__Text-to-region grounding data__
= = = = =
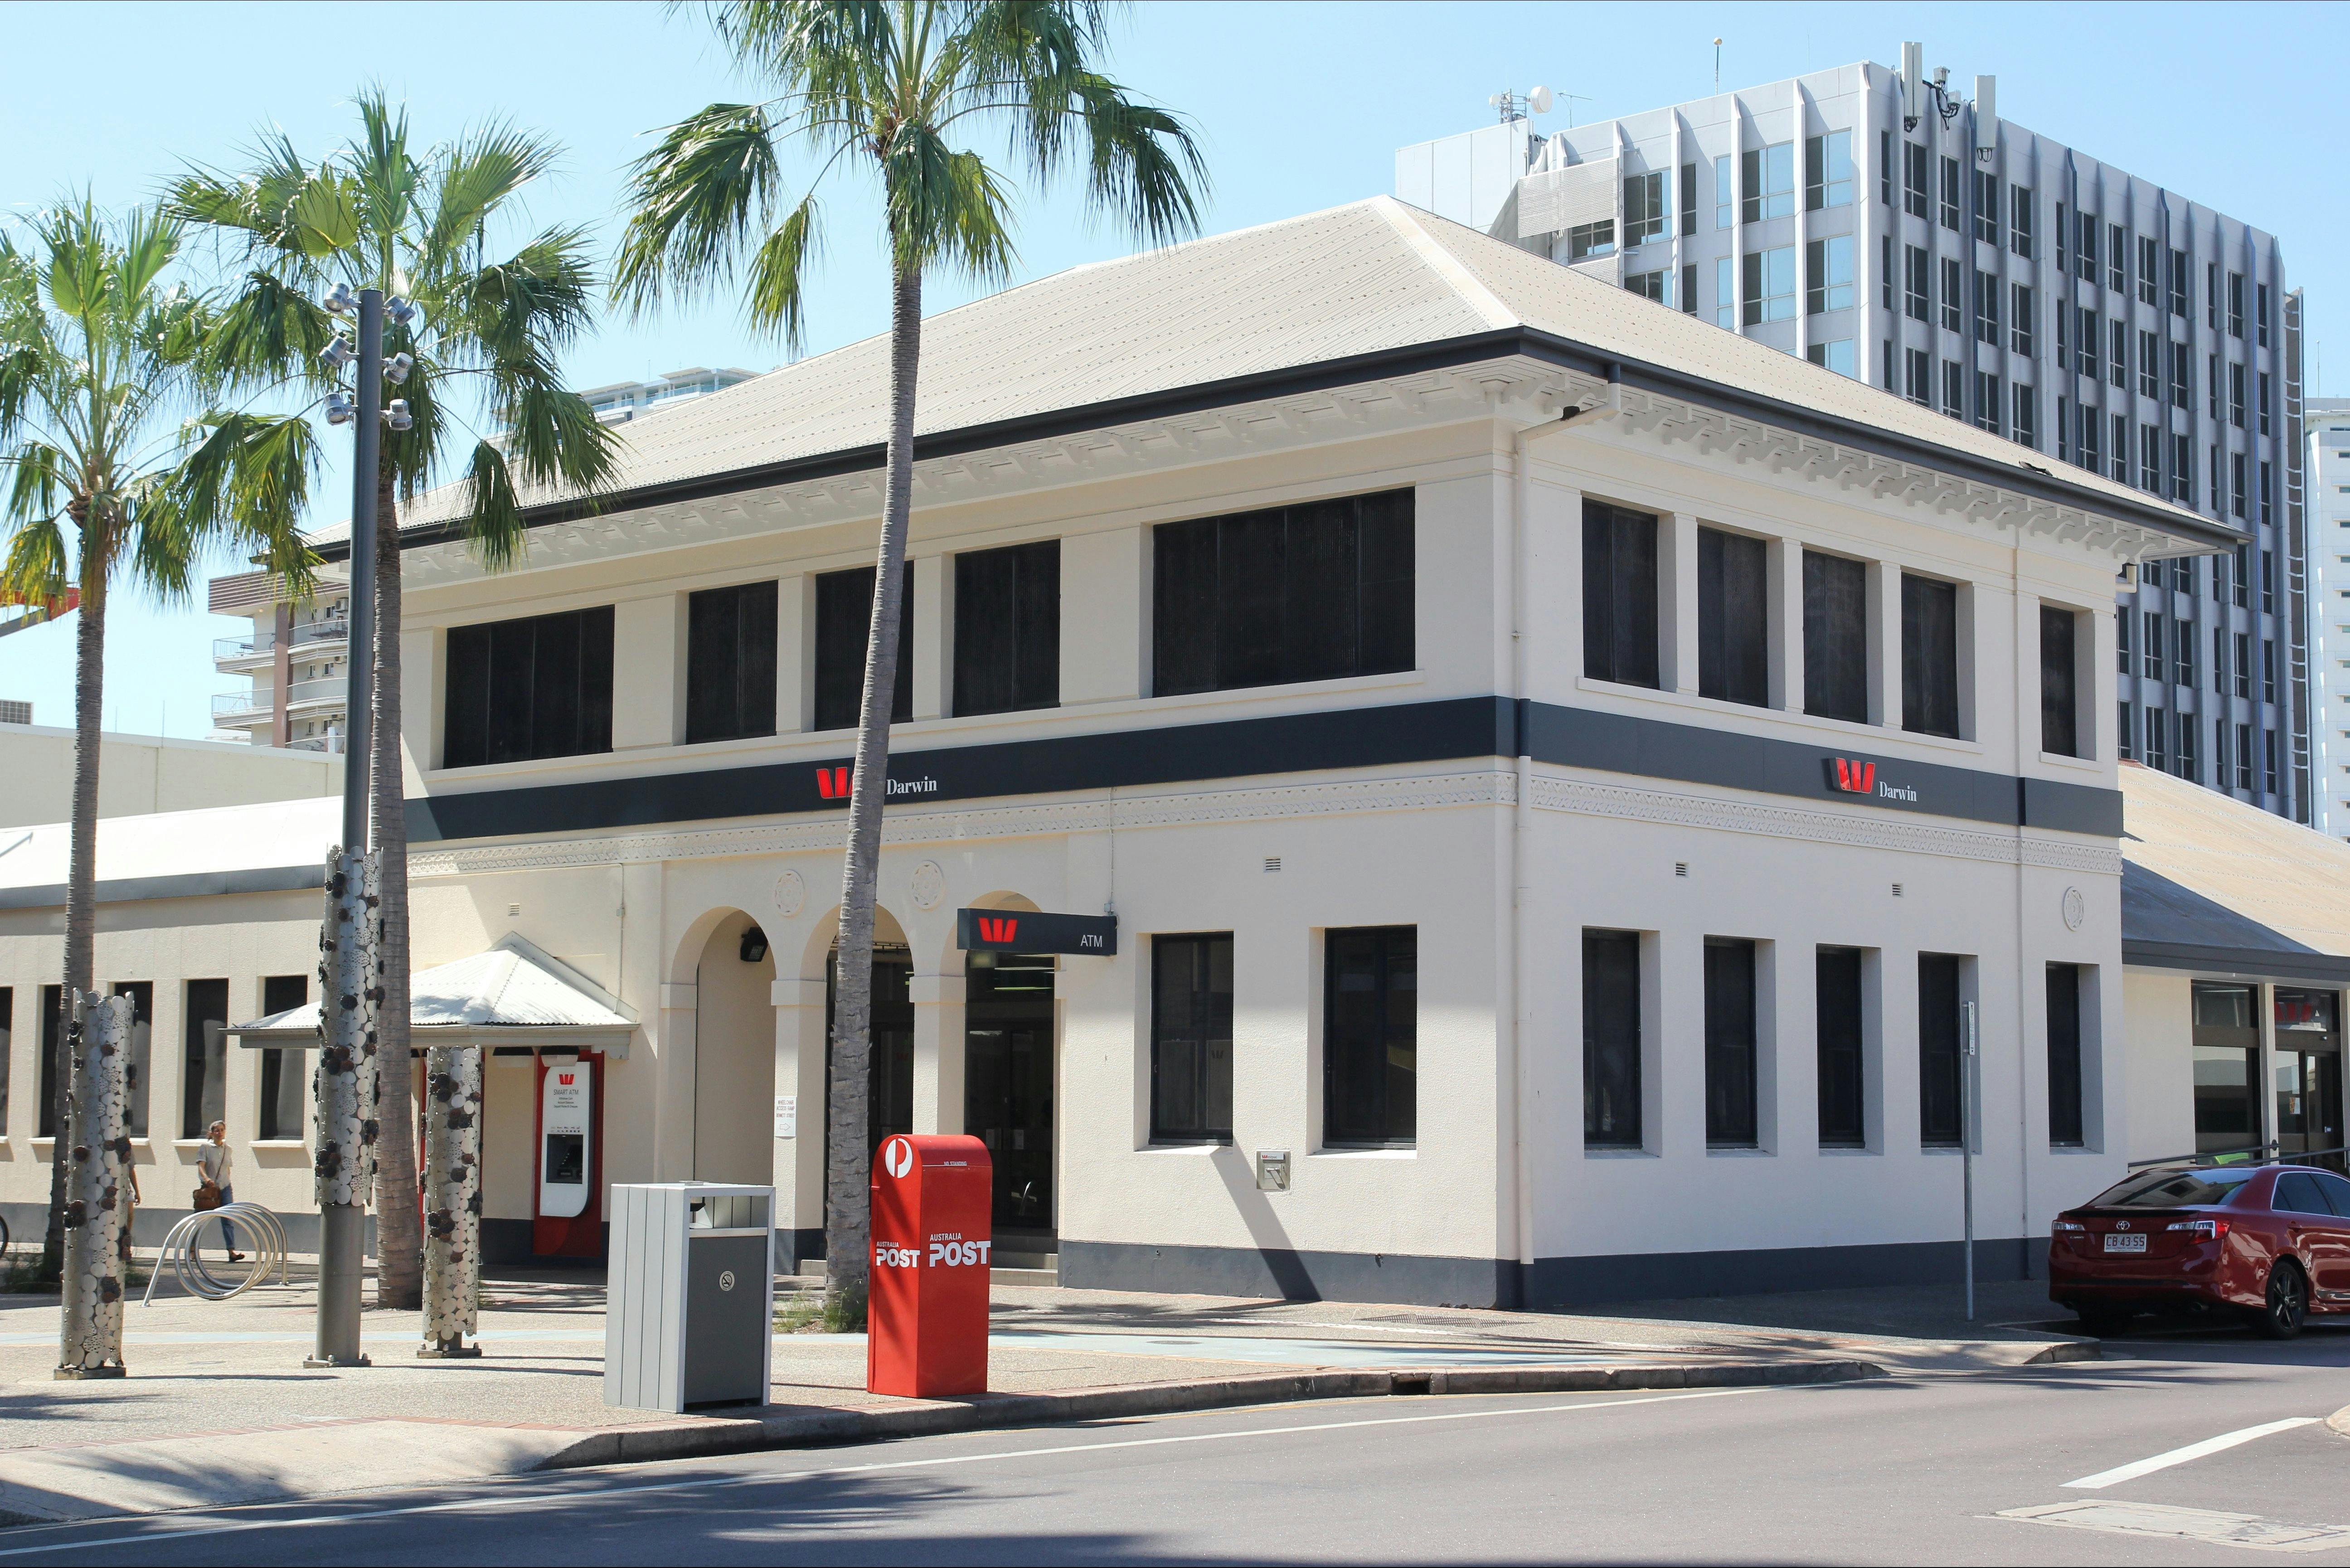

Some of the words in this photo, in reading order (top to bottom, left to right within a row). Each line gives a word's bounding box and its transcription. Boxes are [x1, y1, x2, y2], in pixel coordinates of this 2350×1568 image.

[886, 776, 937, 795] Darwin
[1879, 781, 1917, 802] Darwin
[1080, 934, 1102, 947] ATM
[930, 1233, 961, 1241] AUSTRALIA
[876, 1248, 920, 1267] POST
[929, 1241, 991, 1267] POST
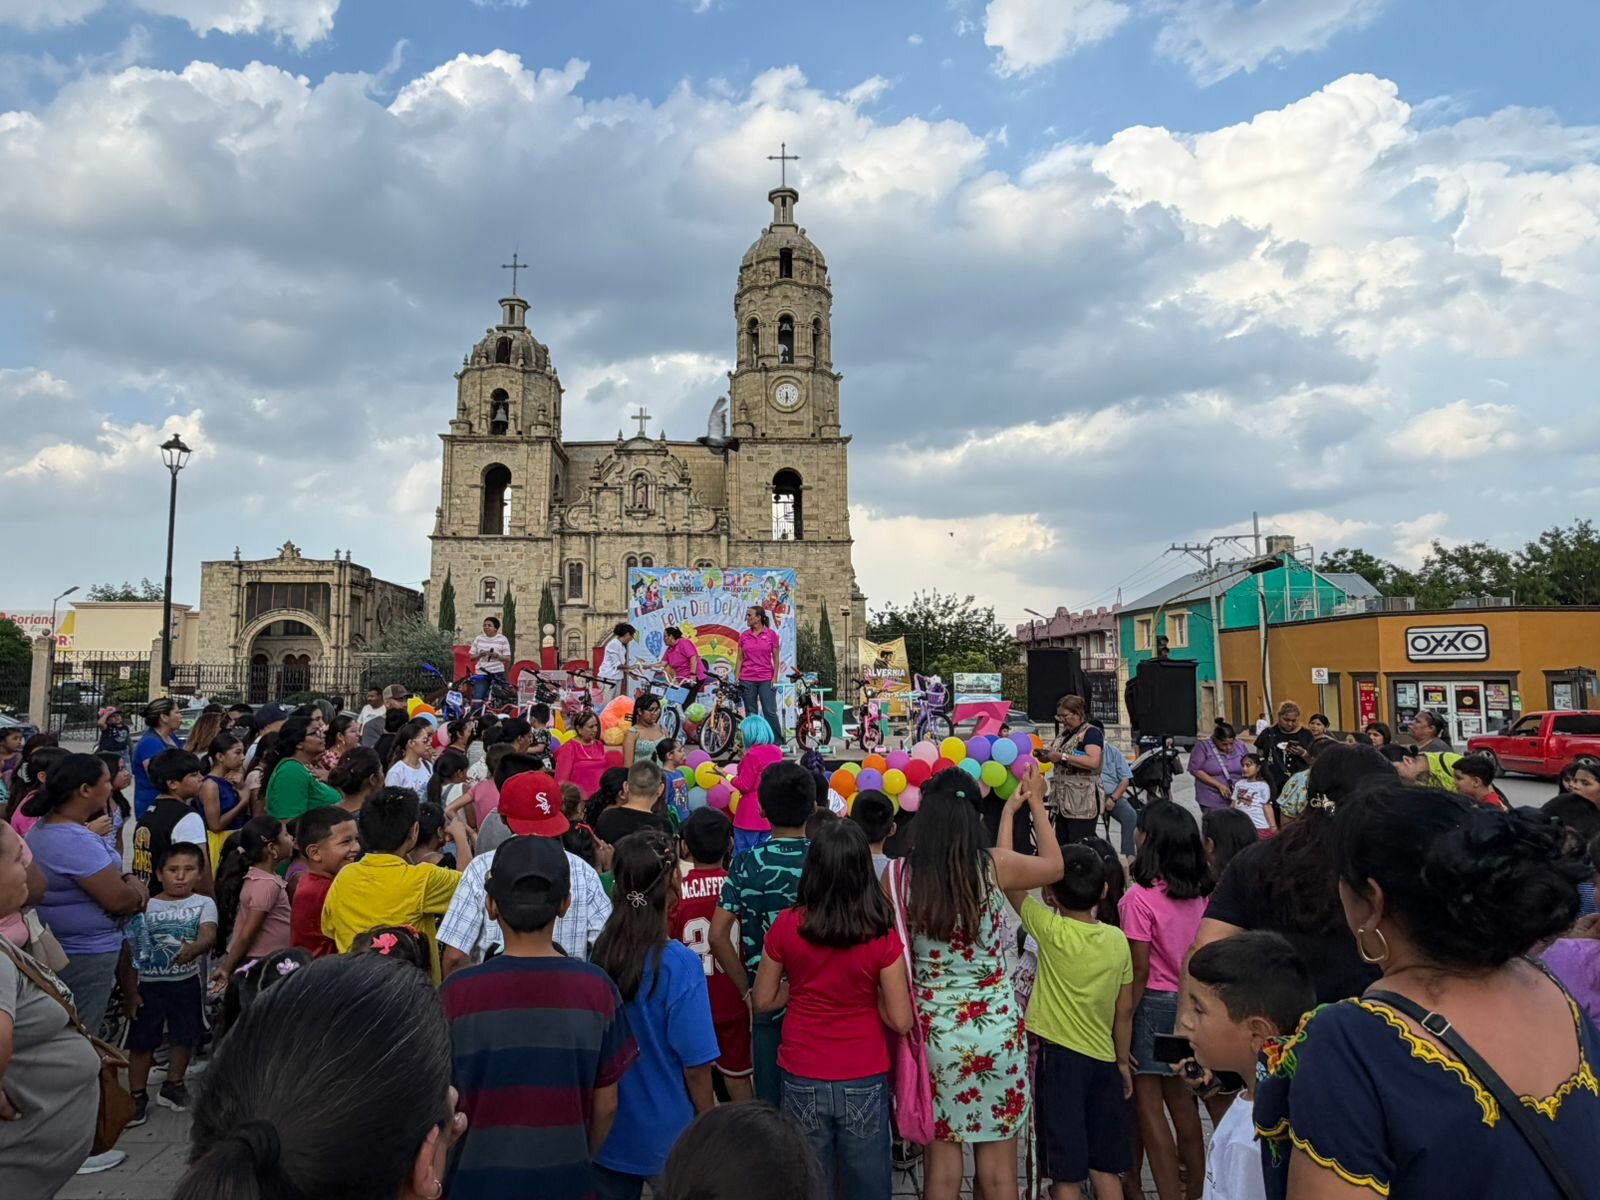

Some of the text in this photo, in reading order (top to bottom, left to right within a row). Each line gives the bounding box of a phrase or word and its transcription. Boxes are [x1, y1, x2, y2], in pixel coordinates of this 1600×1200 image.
= = = = =
__Brief__
Without the images, write out each line of the data verbatim.

__Result of this task__
Some of the words in this photo, in reading order (top to bottom, left to right within a row). Each line gives a word's bounding box and its transcription. Boxes are [x1, y1, x2, y2], in pixel coordinates of this 2350×1568 image.

[886, 776, 937, 795] Darwin
[1879, 781, 1917, 802] Darwin
[1080, 934, 1102, 947] ATM
[930, 1233, 961, 1241] AUSTRALIA
[876, 1248, 920, 1267] POST
[929, 1241, 991, 1267] POST

Some of the text in this photo, in reading order (top to bottom, left to right within a row). Each line gives the bounding box of a phrase or word and its transcription. Boxes are [x1, y1, x2, y2], in pixel coordinates of this 1600×1200 image.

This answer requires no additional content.